電気伝導を担う「重い」電子の直接観測に成功(木村グループ)

物質中を電流が流れるのは,内部で動き回る電子が存在するためです。この電気伝導の担い手である伝導電子が,見かけ上実際の百~千倍も重くなる現象が知られており,日本人研究者の名前に由来して「近藤効果」と呼ばれています。この「重い」伝導電子は,さまざまな機能性物質の電気伝導性を決定付ける上で極めて重要な働きをしており,国内外の著名な理論家により様々なモデルが提唱されてきましたが,これまで実験的に直接観測されたことはありませんでした。

分子科学研究所・極端紫外光研究施設のイム・ホジュン研究員,伊藤孝寛助教,木村真一准教授らの研究グループは,日本原子力研究開発機構,京都産業大学,成均館大学(韓国)などの研究者と共同で,「近藤効果」を示す物質の典型であるセリウム原子を含む化合物に対して,シンクロトロン光を活用した世界最高レベルの実験計測を行い,「重い電子」を直接観測することに初めて成功しました。

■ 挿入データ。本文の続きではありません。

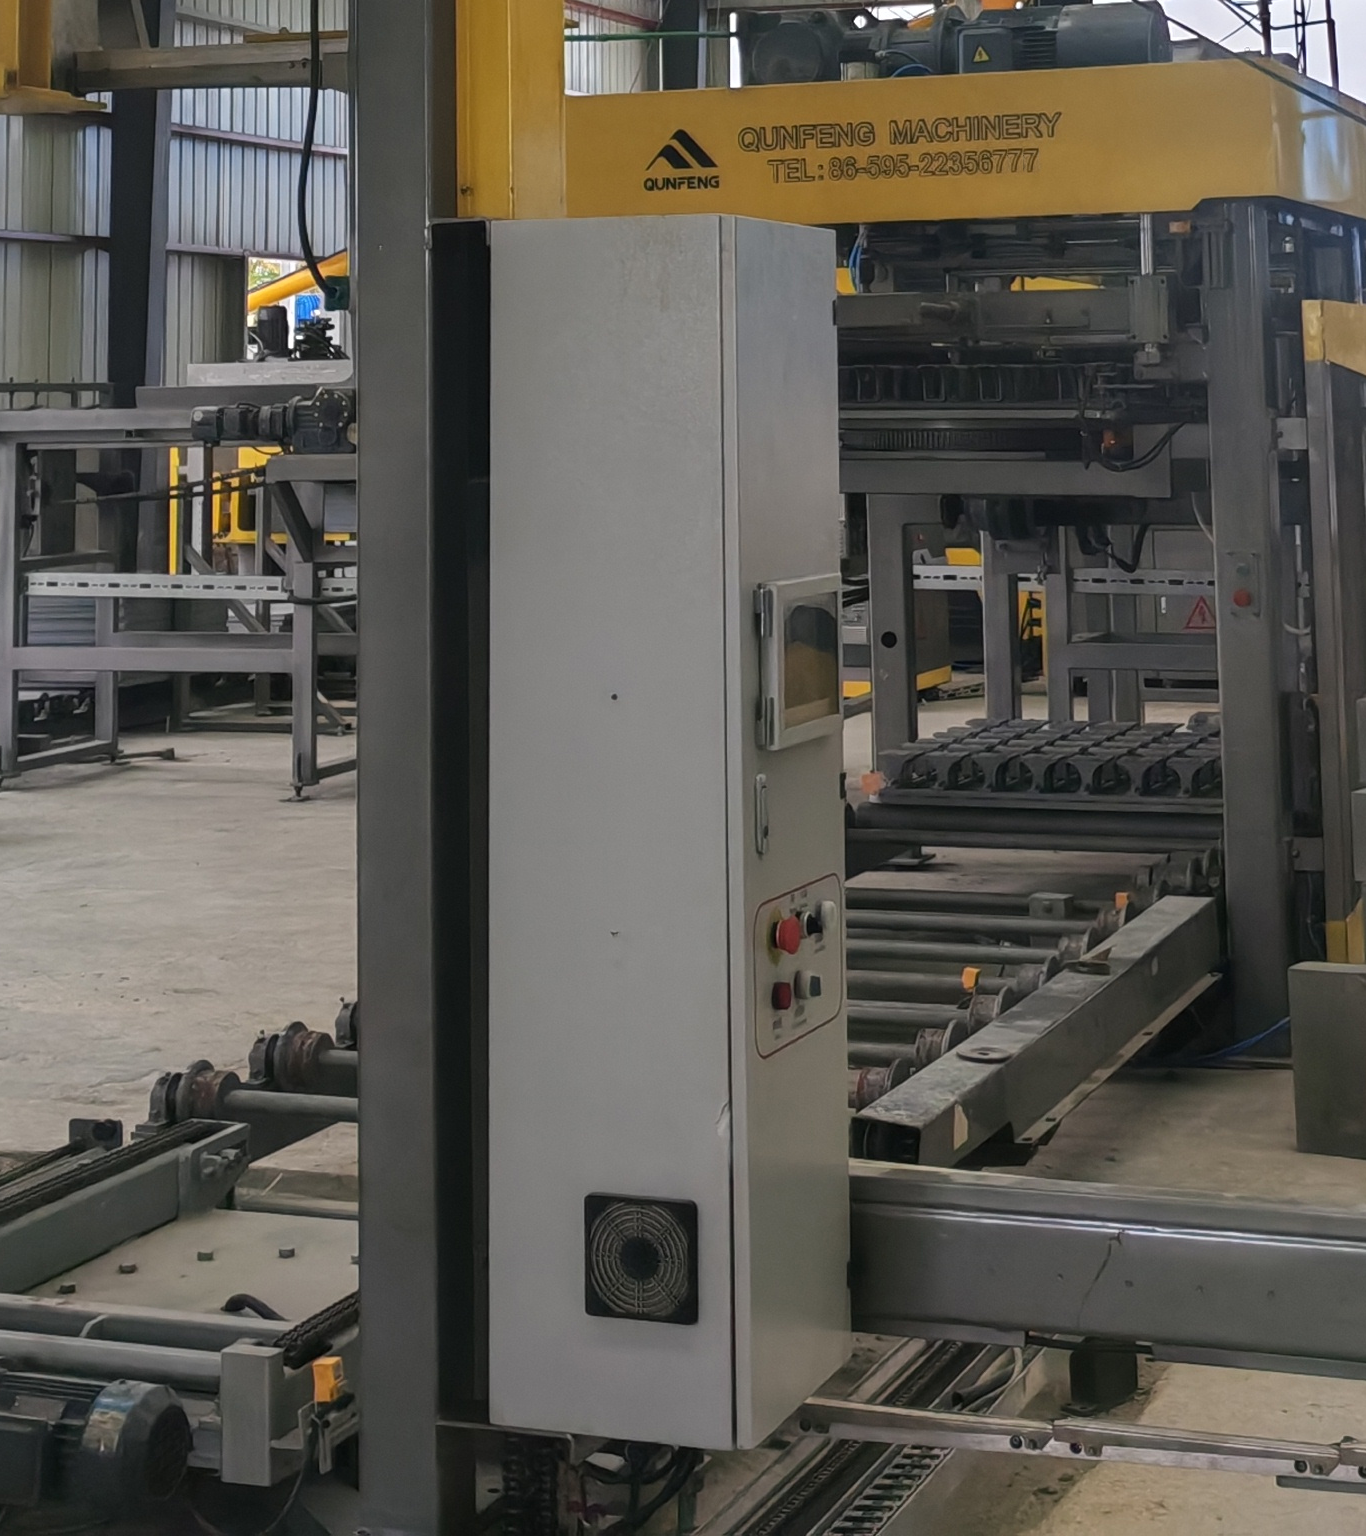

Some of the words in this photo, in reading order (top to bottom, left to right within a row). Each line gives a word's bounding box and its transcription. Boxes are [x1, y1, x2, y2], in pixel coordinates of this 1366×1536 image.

[738, 121, 876, 153] QUNFENG
[889, 112, 1062, 145] MACHINERY
[643, 175, 720, 192] QUNFENG
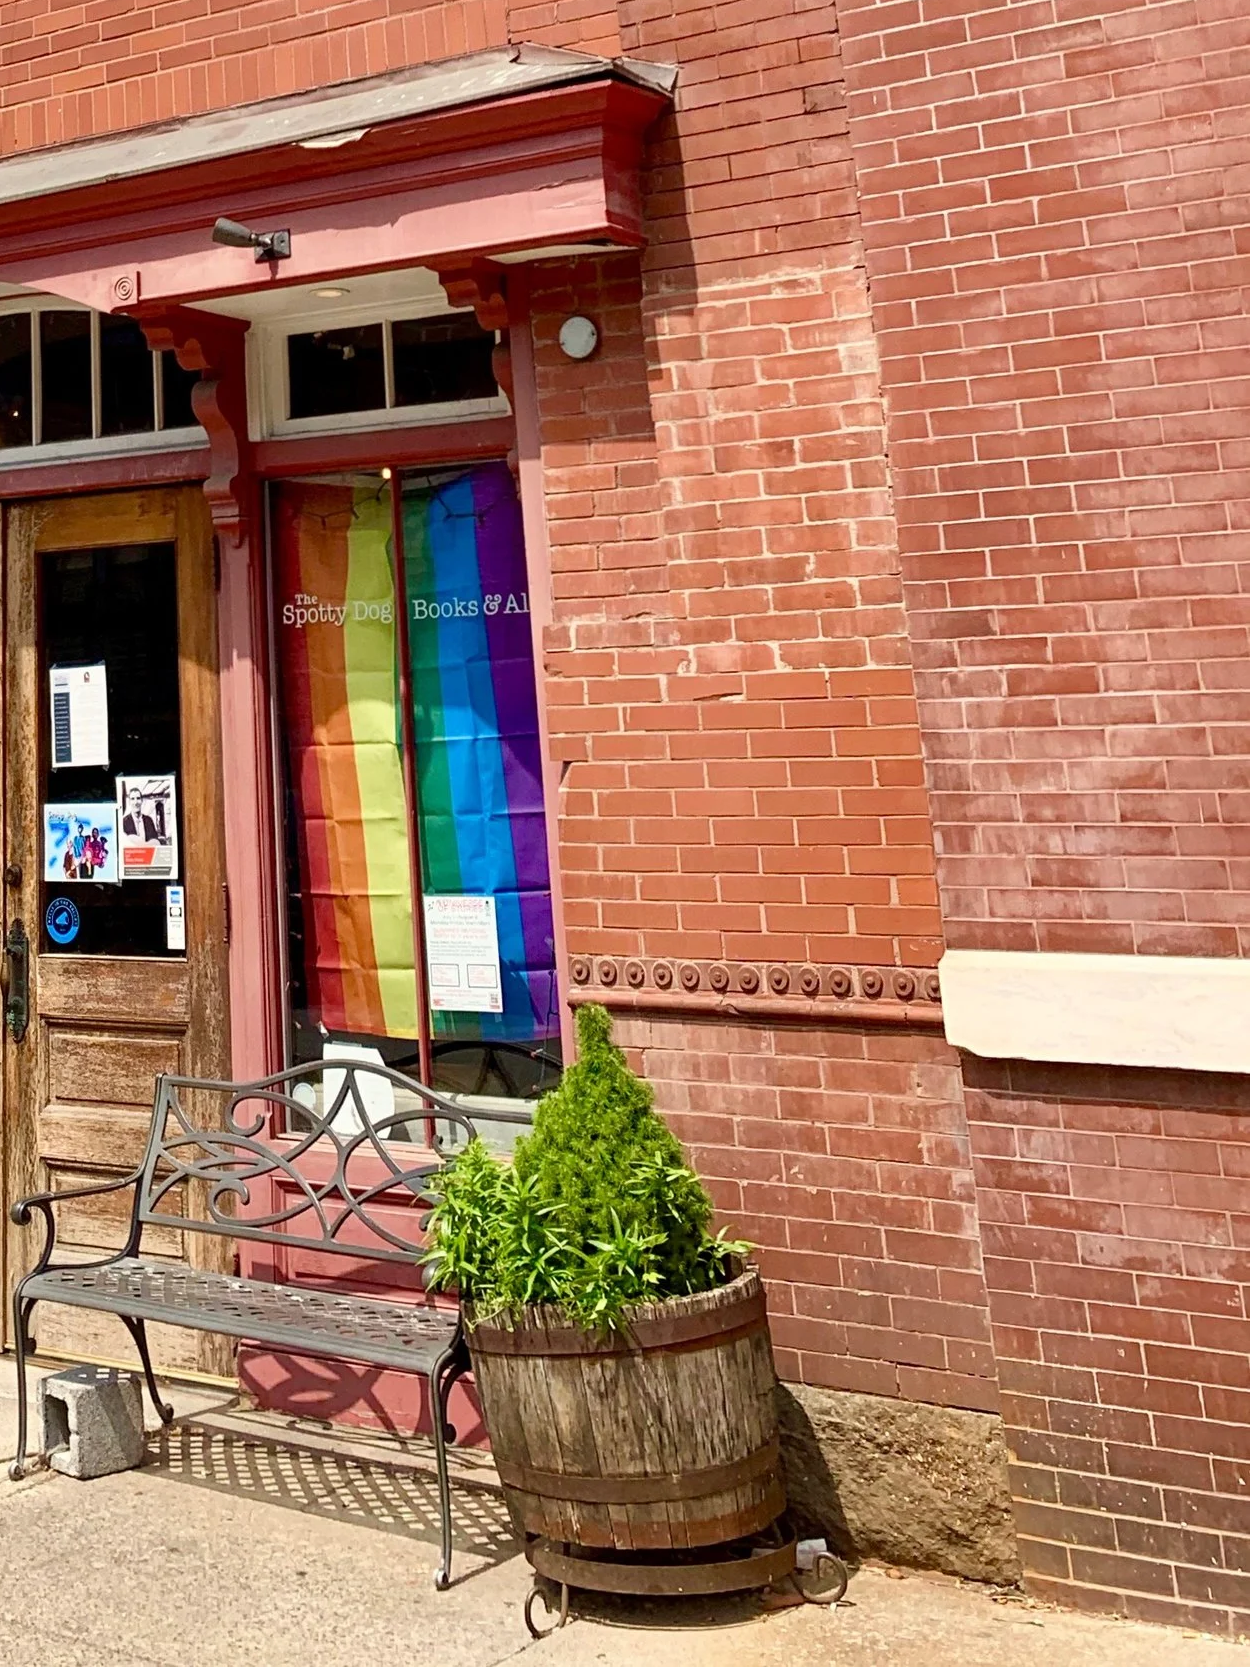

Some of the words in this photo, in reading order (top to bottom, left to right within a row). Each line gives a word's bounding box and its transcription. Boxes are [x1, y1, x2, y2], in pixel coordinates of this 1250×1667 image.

[282, 603, 347, 629] Spotty
[353, 600, 394, 624] Dog
[413, 597, 480, 621] Books
[482, 593, 503, 617] &
[503, 591, 531, 615] Al
[295, 593, 318, 606] The

重い電子は,従来の理論の限界を超えた超伝導を引き起す可能性を秘めています。応用面で莫大な波及効果が期待されながら未だ実現の道が見えない室温での超伝導を発見するためにも,重い電子の情報を得る事が求められていました。今回の研究成果は,この物理学上の大きななぞを解き明かす手がかりとなり,新奇な超伝導実現への指針を与えるものと期待されます。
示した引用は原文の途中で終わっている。